他的拖鞋水杯,翻看了一半的書,隨手貼在冰箱上的貼紙,我都好好地保持在原來的地方。
警方來過幾次,他們說,那天兇手前前後後劫持了好幾個學生,但因為學生過於驚恐,不肯配合他的行動,於是都挨了一槍扔到一邊。
直到安安站了出來,兇手才穩定下來,同時給了警方救援的時間。
他們說,安安是英雄。
家裡來了很多人,有記者,有同學,有路人。
大多數都在哭,我不想哭。
也不想說任何話。
19
葉洲一直守在我身邊,怎麼也趕不走。
他趁我忘記鎖門的時候偷偷溜了進來,當他試圖穿安安的拖鞋時,我發出尖銳爆鳴聲,把他嚇了出去。

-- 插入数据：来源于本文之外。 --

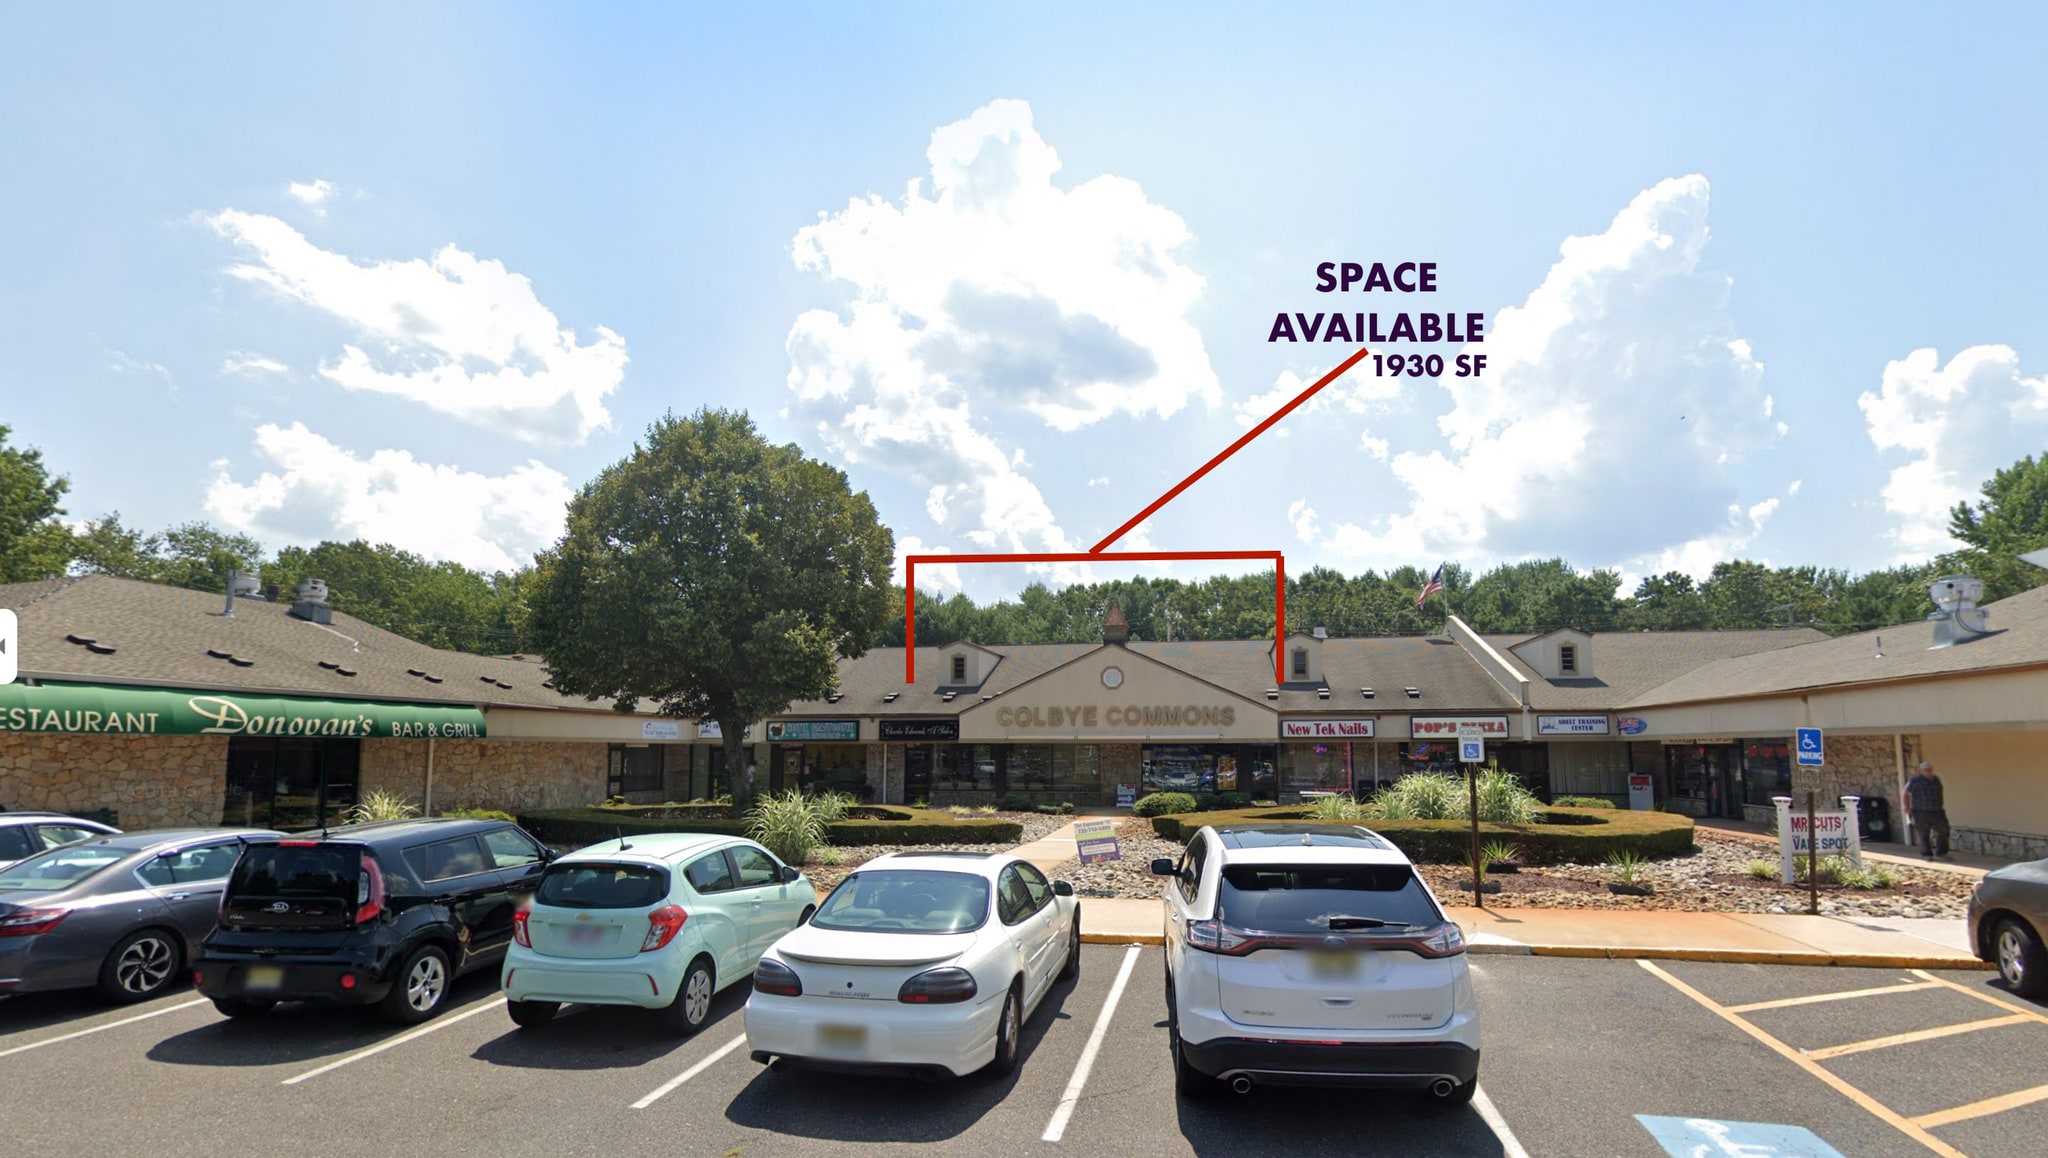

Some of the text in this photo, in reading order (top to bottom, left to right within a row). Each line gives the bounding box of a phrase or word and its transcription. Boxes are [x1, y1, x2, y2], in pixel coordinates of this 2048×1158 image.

然後沒過一會他就穿著鞋套進來了,打掃了家裡所有的家務,並小心翼翼地沒有挪動任何東西。
我懶得理他。
結果他得寸進尺,端著一碗粥,一勺一勺往我嘴裡塞。
我抿緊嘴唇,拒絕任何食物。
「思思你別這樣,多少吃一點東西,」他的聲音軟得讓我起雞皮疙瘩,「對不起,真的對不起,思思,我不奢望你原諒我,但求你不要放棄自己的身體。」
「安安不在了,就隻有你了。」
一個大男人,居然開始抽泣起來。
媽的好煩。
等葉洲走了之後,我把房門的鎖換掉了。
他進不來,在外面喊我的名字。
「思思,思思……」
跟叫魂一樣。
我自動屏蔽了他的聲音,開始安靜地發呆,追尋安安還在時的感覺。
結果沒消停多久,葉洲又進來了。
我有些生氣地問開鎖師傅,為什麼可以隨意打開別人家的房門。
結果師傅說,葉洲也是這個房產證上的業主。
對哦,房貸還完了,不代表這個房子完全屬於我了。
我愣愣地看著葉洲。
「你這樣三番五次地折騰我,是想收回房子另一半產權嗎?」
葉洲抿了下嘴唇,聲音喑啞地說:「不是,對不起,我就是怕你一個人待著做傻事。」
我有些沮喪。
這個人好像永遠說著我不懂的話,做著莫名其妙的事,而且從來不遵從我的意願。
但可悲的是,我也永遠無力反抗他。
20
我和安安的小世界裡,多了一個討厭的身影。
葉洲做賊一樣小心地在房子裡來來去去,捧著飯碗在我面前打轉,打斷我思念安安。
最煩躁的時候,我歇斯底裡地尖叫著推攘他,還抄起掃把想把他捅出去。
他任由我打,卻也死活不肯離開。
他說,思思,你把情緒發泄出來就好了,別悶在心裡。
他是不是以為自己很貼心?
我全身的力氣都抽空了,跌在地上爬也爬不起來。
他又過來死死摟住我,兩具滿是骨頭的身體嵌在一起,硌得我生疼。
這段時間他越來越憔悴,胡子不知多久沒刮,邋遢得要命。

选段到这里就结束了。